However, to this day many teams maintain the offense's fullback-halfback distinction, especially in "full house" backfields, i.e. those with a quarterback and three running backs, that is, no backs playing wider as wingbacks or flankers. This is confusing enough, when the fullback plays slightly forward of the halfbacks, as in the Y formation shown below, later used to run the wishbone system (the backs forming a letter Y or a resemblance to a wishbone):

 E T G C G T E
                QB

                FB
             HB HB

At least, that one is an easy enough derivation to visualize from the original diamond, with the depth of the fullback inverted with respect to the halves. However, some formations have placed the heavy back even more starkly forward, to function as a blocker for the running backs. In the diagram below of the V formation used by Dartmouth College in the 1950s, the respective position names have been rationalized as "BB" (a not-very-popular designation, "blocking back") and RB:

 E T G C G T E
         QB BB

      RB RB

(The running and blocking backs can be seen to form a letter V.) However, in its time the running backs were known as halfbacks and the blocking back as fullback. Another such example is the I formation, shown below in a with-wingback version:

 WR T G C G T TE
               WB QB

                        FB

                        TB

The diagram shows the more geometrically rational designation of tailback behind the fullback. However, some would label the deepest back in this form of deuce backfield "HB", considering one halfback to have moved behind the fullback, who is in both the role of blocking back and the heavy up-the-middle runner. Those who would emphasize the blocking role of the FB (the "up back") might even label the deepest back, "RB", with a BB instead of FB. Few, however, would use the straightforwardly geometric labels of QB, HB, and FB in that order from front to back.

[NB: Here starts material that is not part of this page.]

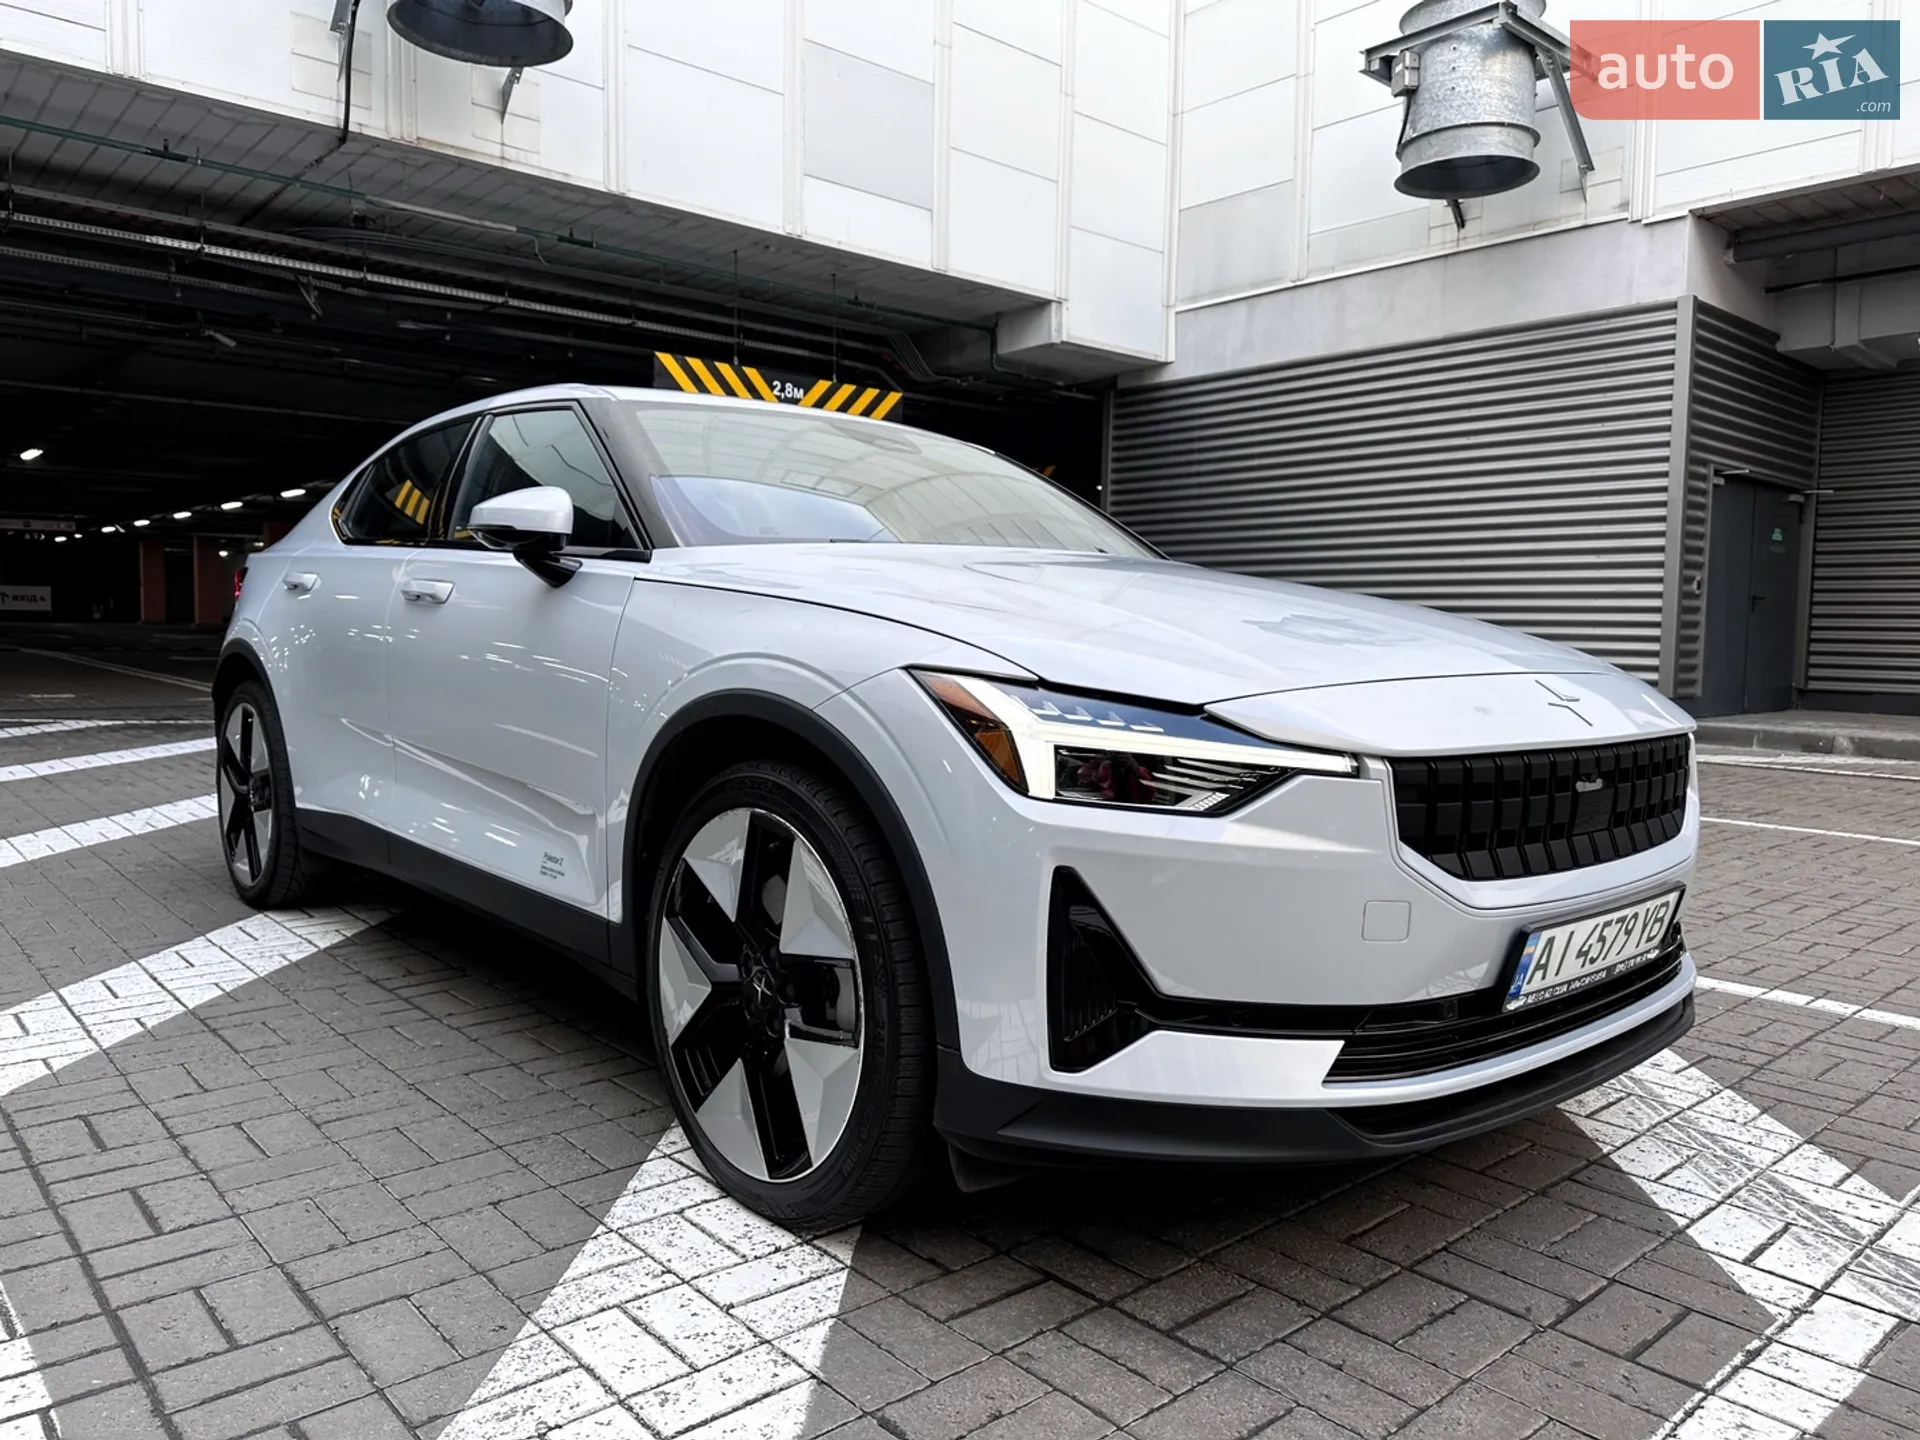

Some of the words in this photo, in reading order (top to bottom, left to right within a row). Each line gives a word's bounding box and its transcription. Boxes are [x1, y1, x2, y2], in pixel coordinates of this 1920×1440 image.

[1526, 930, 1574, 985] AI
[1575, 912, 1638, 969] 4579
[1635, 900, 1671, 949] YB

The wingback is on the wing of a tackle rather than an end. This is accepted nomenclature where an end is split ("WR" above). The wingback is just behind and outside of the "interior lineman" (line player other than end). However, it is not uncommon for a wingback to be outside the tight end in an I or other formation where the opposite end is split.

In the power I formation, instead of the wingback shown above, there is another deep back in the traditional halfback position. That position in the power I is probably called "halfback" more than any other name. In the triple I, where all the backs are in one line perpendicular to the lines of scrimmage, one could hope for the backs to be called quarter-, half-, full-, and tailback in order of depth, but various names are probably used.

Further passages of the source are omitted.